Nickel anchored N-doped carbon electrocatalysts (Ni-N-C) are rapidly developed for the electrochemical reduction reaction of carbon dioxide (CO₂RR). However, the high-performanced Ni-N-C analogues design for CO₂RR remains bewilderment, for the reason lacking of definite guidance for its structure-activity relationship. Herein, the correlation between the proportion of nitrogen species derived from various nitrogen sources and the CO₂RR activity of Ni-N-C is investigated. The x-ray photoelectron spectroscopy (XPS) spectrum combined with the CO₂RR performance results show that pyridinic-N content has a positive correlation with CO₂RR activity.

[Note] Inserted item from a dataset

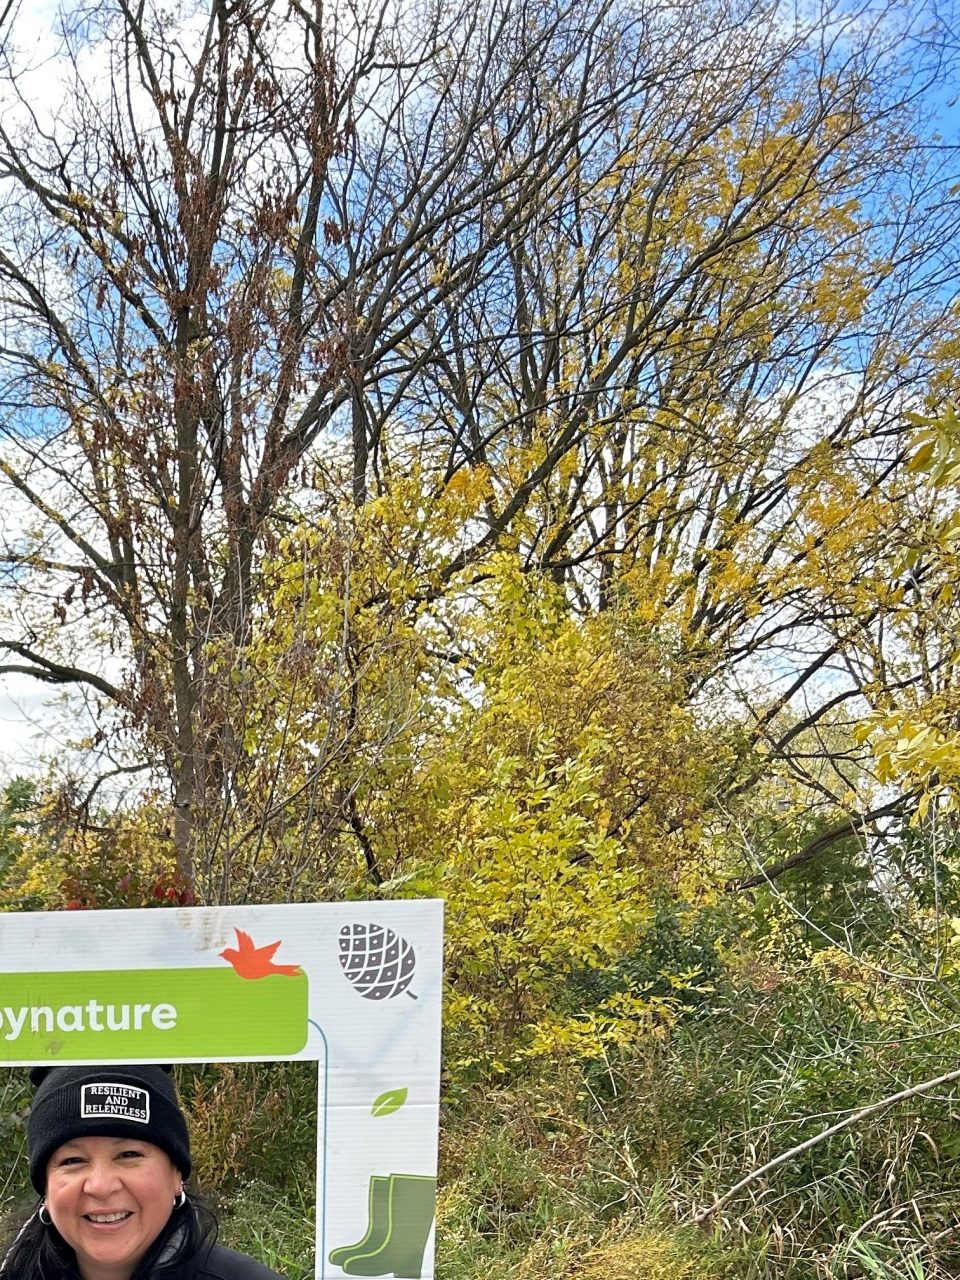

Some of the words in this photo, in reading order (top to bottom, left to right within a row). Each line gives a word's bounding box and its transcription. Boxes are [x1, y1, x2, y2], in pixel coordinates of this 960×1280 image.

Moreover, density functional theory (DFT) demonstrates that pyridinic-N coordinated Ni-N₄sites offers optimized free energy and favorable selectivity towards CO₂RR compared with pyrrolic-N. Accordingly, Ni-N_a-C with highest pyridinic-N content (ammonia as nitrogen source) performs superior CO₂RR activity, with the maximum carbon monoxide faradaic efficiency (FE_CO) of 99.8% at -0.88 V vs. RHE and the FE_COsurpassing 95% within potential ranging of -0.88 to -1.38 V vs. RHE. The building of this parameter for CO₂RR activity of Ni-N-C give instructive forecast for low-cost and highly active CO₂RR electrocatalysts.